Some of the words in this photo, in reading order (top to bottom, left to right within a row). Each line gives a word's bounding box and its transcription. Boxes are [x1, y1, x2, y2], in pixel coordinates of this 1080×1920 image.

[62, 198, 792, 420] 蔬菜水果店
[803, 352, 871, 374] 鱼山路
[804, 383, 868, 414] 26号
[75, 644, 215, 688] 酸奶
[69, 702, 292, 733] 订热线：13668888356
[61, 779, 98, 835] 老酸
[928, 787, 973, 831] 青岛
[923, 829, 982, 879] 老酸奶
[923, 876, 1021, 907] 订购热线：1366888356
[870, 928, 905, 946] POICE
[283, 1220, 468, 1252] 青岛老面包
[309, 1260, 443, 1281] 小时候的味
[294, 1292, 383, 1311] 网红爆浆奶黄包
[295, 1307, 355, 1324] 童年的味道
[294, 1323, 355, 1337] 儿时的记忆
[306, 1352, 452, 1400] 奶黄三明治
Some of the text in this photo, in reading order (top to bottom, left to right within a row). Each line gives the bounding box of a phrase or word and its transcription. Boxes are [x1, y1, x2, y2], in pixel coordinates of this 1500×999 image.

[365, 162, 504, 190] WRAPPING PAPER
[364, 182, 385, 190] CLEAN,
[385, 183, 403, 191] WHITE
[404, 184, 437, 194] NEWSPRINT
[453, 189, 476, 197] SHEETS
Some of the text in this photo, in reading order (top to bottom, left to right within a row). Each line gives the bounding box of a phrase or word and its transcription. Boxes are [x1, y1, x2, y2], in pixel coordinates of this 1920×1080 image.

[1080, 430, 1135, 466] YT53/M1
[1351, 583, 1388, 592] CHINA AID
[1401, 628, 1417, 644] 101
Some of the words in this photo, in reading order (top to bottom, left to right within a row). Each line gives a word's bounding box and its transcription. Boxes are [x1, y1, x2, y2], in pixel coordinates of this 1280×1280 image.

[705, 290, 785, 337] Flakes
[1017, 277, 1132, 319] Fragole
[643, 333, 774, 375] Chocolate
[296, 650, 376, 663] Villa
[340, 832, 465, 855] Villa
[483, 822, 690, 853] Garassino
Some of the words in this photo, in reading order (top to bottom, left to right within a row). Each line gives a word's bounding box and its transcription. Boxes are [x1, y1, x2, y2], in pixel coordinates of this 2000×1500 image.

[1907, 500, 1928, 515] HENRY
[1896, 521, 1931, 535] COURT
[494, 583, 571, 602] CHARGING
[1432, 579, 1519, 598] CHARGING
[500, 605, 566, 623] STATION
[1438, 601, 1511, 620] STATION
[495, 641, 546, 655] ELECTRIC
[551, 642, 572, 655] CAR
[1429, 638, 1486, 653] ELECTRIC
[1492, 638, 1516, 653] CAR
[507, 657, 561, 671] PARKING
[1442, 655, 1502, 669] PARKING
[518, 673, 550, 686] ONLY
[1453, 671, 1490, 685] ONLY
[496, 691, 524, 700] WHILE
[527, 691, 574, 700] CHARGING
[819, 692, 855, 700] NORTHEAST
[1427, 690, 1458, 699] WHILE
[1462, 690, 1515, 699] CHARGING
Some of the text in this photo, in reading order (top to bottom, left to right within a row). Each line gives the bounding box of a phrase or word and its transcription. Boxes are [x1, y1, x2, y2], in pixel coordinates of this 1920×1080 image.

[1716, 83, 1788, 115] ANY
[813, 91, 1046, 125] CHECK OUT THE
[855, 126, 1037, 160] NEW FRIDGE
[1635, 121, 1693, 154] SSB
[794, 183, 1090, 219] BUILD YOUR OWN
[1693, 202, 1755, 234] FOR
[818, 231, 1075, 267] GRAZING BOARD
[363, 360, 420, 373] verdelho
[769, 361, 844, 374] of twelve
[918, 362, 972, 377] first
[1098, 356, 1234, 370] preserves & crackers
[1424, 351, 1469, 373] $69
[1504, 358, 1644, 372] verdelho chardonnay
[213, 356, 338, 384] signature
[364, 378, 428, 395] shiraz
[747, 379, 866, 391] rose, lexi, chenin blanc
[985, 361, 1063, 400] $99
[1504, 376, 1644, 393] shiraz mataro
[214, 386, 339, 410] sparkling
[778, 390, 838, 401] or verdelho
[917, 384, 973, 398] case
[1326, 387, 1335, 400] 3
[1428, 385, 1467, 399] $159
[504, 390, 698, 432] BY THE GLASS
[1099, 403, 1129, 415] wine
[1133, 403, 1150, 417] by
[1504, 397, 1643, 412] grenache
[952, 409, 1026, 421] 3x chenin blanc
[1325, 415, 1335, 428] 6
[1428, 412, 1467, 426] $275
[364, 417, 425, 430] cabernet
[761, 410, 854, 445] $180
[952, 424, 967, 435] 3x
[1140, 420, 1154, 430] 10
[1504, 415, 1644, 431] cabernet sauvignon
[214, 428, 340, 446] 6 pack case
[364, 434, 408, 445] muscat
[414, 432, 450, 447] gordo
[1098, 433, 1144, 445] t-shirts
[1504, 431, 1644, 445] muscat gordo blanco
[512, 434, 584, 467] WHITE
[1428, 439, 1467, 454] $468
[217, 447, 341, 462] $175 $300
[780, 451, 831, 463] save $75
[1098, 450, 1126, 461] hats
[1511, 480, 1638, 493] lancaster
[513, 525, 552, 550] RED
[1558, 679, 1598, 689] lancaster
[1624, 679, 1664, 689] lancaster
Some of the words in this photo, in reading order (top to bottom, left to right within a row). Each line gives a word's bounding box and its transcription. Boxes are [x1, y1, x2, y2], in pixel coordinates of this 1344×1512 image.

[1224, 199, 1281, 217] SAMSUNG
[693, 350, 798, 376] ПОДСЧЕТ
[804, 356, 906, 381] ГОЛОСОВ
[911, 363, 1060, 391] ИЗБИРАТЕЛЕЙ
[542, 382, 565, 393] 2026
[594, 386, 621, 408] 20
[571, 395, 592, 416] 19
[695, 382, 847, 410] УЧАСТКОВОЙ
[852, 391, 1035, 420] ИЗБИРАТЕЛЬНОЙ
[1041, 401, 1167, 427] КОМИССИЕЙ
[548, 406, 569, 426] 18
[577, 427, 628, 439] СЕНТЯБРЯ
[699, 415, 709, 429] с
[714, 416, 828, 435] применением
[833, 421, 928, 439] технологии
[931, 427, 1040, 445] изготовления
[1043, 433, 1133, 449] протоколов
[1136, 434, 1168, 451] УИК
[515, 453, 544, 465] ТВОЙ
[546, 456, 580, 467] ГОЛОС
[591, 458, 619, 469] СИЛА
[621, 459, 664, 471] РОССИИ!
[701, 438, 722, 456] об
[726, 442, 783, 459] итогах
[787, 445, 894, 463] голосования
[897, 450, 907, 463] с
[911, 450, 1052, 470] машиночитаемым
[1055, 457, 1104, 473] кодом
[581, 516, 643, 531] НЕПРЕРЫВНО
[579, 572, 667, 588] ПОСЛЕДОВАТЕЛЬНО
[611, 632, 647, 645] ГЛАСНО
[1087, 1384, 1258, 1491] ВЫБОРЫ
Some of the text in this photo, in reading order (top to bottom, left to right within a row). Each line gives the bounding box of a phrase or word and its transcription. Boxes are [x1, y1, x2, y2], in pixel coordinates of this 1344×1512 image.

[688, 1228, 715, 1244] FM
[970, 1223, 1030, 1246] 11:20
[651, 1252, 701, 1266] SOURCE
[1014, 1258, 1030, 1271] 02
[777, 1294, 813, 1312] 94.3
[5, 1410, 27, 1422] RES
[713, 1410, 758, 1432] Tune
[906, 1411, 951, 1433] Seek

--------

▶ **Task description**:
Could you restate every record above word for word?

▶ **Result**:
Some of the words in this photo, in reading order (top to bottom, left to right within a row). Each line gives a word's bounding box and its transcription. Boxes are [x1, y1, x2, y2], in pixel coordinates of this 1080×1920 image.

[62, 198, 792, 420] 蔬菜水果店
[803, 352, 871, 374] 鱼山路
[804, 383, 868, 414] 26号
[75, 644, 215, 688] 酸奶
[69, 702, 292, 733] 订热线：13668888356
[61, 779, 98, 835] 老酸
[928, 787, 973, 831] 青岛
[923, 829, 982, 879] 老酸奶
[923, 876, 1021, 907] 订购热线：1366888356
[870, 928, 905, 946] POICE
[283, 1220, 468, 1252] 青岛老面包
[309, 1260, 443, 1281] 小时候的味
[294, 1292, 383, 1311] 网红爆浆奶黄包
[295, 1307, 355, 1324] 童年的味道
[294, 1323, 355, 1337] 儿时的记忆
[306, 1352, 452, 1400] 奶黄三明治
Some of the text in this photo, in reading order (top to bottom, left to right within a row). Each line gives the bounding box of a phrase or word and its transcription. Boxes are [x1, y1, x2, y2], in pixel coordinates of this 1500×999 image.

[365, 162, 504, 190] WRAPPING PAPER
[364, 182, 385, 190] CLEAN,
[385, 183, 403, 191] WHITE
[404, 184, 437, 194] NEWSPRINT
[453, 189, 476, 197] SHEETS
Some of the text in this photo, in reading order (top to bottom, left to right within a row). Each line gives the bounding box of a phrase or word and its transcription. Boxes are [x1, y1, x2, y2], in pixel coordinates of this 1920×1080 image.

[1080, 430, 1135, 466] YT53/M1
[1351, 583, 1388, 592] CHINA AID
[1401, 628, 1417, 644] 101
Some of the words in this photo, in reading order (top to bottom, left to right within a row). Each line gives a word's bounding box and its transcription. Boxes are [x1, y1, x2, y2], in pixel coordinates of this 1280×1280 image.

[705, 290, 785, 337] Flakes
[1017, 277, 1132, 319] Fragole
[643, 333, 774, 375] Chocolate
[296, 650, 376, 663] Villa
[340, 832, 465, 855] Villa
[483, 822, 690, 853] Garassino
Some of the words in this photo, in reading order (top to bottom, left to right within a row). Each line gives a word's bounding box and its transcription. Boxes are [x1, y1, x2, y2], in pixel coordinates of this 2000×1500 image.

[1907, 500, 1928, 515] HENRY
[1896, 521, 1931, 535] COURT
[494, 583, 571, 602] CHARGING
[1432, 579, 1519, 598] CHARGING
[500, 605, 566, 623] STATION
[1438, 601, 1511, 620] STATION
[495, 641, 546, 655] ELECTRIC
[551, 642, 572, 655] CAR
[1429, 638, 1486, 653] ELECTRIC
[1492, 638, 1516, 653] CAR
[507, 657, 561, 671] PARKING
[1442, 655, 1502, 669] PARKING
[518, 673, 550, 686] ONLY
[1453, 671, 1490, 685] ONLY
[496, 691, 524, 700] WHILE
[527, 691, 574, 700] CHARGING
[819, 692, 855, 700] NORTHEAST
[1427, 690, 1458, 699] WHILE
[1462, 690, 1515, 699] CHARGING
Some of the text in this photo, in reading order (top to bottom, left to right within a row). Each line gives the bounding box of a phrase or word and its transcription. Boxes are [x1, y1, x2, y2], in pixel coordinates of this 1920×1080 image.

[1716, 83, 1788, 115] ANY
[813, 91, 1046, 125] CHECK OUT THE
[855, 126, 1037, 160] NEW FRIDGE
[1635, 121, 1693, 154] SSB
[794, 183, 1090, 219] BUILD YOUR OWN
[1693, 202, 1755, 234] FOR
[818, 231, 1075, 267] GRAZING BOARD
[363, 360, 420, 373] verdelho
[769, 361, 844, 374] of twelve
[918, 362, 972, 377] first
[1098, 356, 1234, 370] preserves & crackers
[1424, 351, 1469, 373] $69
[1504, 358, 1644, 372] verdelho chardonnay
[213, 356, 338, 384] signature
[364, 378, 428, 395] shiraz
[747, 379, 866, 391] rose, lexi, chenin blanc
[985, 361, 1063, 400] $99
[1504, 376, 1644, 393] shiraz mataro
[214, 386, 339, 410] sparkling
[778, 390, 838, 401] or verdelho
[917, 384, 973, 398] case
[1326, 387, 1335, 400] 3
[1428, 385, 1467, 399] $159
[504, 390, 698, 432] BY THE GLASS
[1099, 403, 1129, 415] wine
[1133, 403, 1150, 417] by
[1504, 397, 1643, 412] grenache
[952, 409, 1026, 421] 3x chenin blanc
[1325, 415, 1335, 428] 6
[1428, 412, 1467, 426] $275
[364, 417, 425, 430] cabernet
[761, 410, 854, 445] $180
[952, 424, 967, 435] 3x
[1140, 420, 1154, 430] 10
[1504, 415, 1644, 431] cabernet sauvignon
[214, 428, 340, 446] 6 pack case
[364, 434, 408, 445] muscat
[414, 432, 450, 447] gordo
[1098, 433, 1144, 445] t-shirts
[1504, 431, 1644, 445] muscat gordo blanco
[512, 434, 584, 467] WHITE
[1428, 439, 1467, 454] $468
[217, 447, 341, 462] $175 $300
[780, 451, 831, 463] save $75
[1098, 450, 1126, 461] hats
[1511, 480, 1638, 493] lancaster
[513, 525, 552, 550] RED
[1558, 679, 1598, 689] lancaster
[1624, 679, 1664, 689] lancaster
Some of the words in this photo, in reading order (top to bottom, left to right within a row). Each line gives a word's bounding box and its transcription. Boxes are [x1, y1, x2, y2], in pixel coordinates of this 1344×1512 image.

[1224, 199, 1281, 217] SAMSUNG
[693, 350, 798, 376] ПОДСЧЕТ
[804, 356, 906, 381] ГОЛОСОВ
[911, 363, 1060, 391] ИЗБИРАТЕЛЕЙ
[542, 382, 565, 393] 2026
[594, 386, 621, 408] 20
[571, 395, 592, 416] 19
[695, 382, 847, 410] УЧАСТКОВОЙ
[852, 391, 1035, 420] ИЗБИРАТЕЛЬНОЙ
[1041, 401, 1167, 427] КОМИССИЕЙ
[548, 406, 569, 426] 18
[577, 427, 628, 439] СЕНТЯБРЯ
[699, 415, 709, 429] с
[714, 416, 828, 435] применением
[833, 421, 928, 439] технологии
[931, 427, 1040, 445] изготовления
[1043, 433, 1133, 449] протоколов
[1136, 434, 1168, 451] УИК
[515, 453, 544, 465] ТВОЙ
[546, 456, 580, 467] ГОЛОС
[591, 458, 619, 469] СИЛА
[621, 459, 664, 471] РОССИИ!
[701, 438, 722, 456] об
[726, 442, 783, 459] итогах
[787, 445, 894, 463] голосования
[897, 450, 907, 463] с
[911, 450, 1052, 470] машиночитаемым
[1055, 457, 1104, 473] кодом
[581, 516, 643, 531] НЕПРЕРЫВНО
[579, 572, 667, 588] ПОСЛЕДОВАТЕЛЬНО
[611, 632, 647, 645] ГЛАСНО
[1087, 1384, 1258, 1491] ВЫБОРЫ
Some of the text in this photo, in reading order (top to bottom, left to right within a row). Each line gives the bounding box of a phrase or word and its transcription. Boxes are [x1, y1, x2, y2], in pixel coordinates of this 1344×1512 image.

[688, 1228, 715, 1244] FM
[970, 1223, 1030, 1246] 11:20
[651, 1252, 701, 1266] SOURCE
[1014, 1258, 1030, 1271] 02
[777, 1294, 813, 1312] 94.3
[5, 1410, 27, 1422] RES
[713, 1410, 758, 1432] Tune
[906, 1411, 951, 1433] Seek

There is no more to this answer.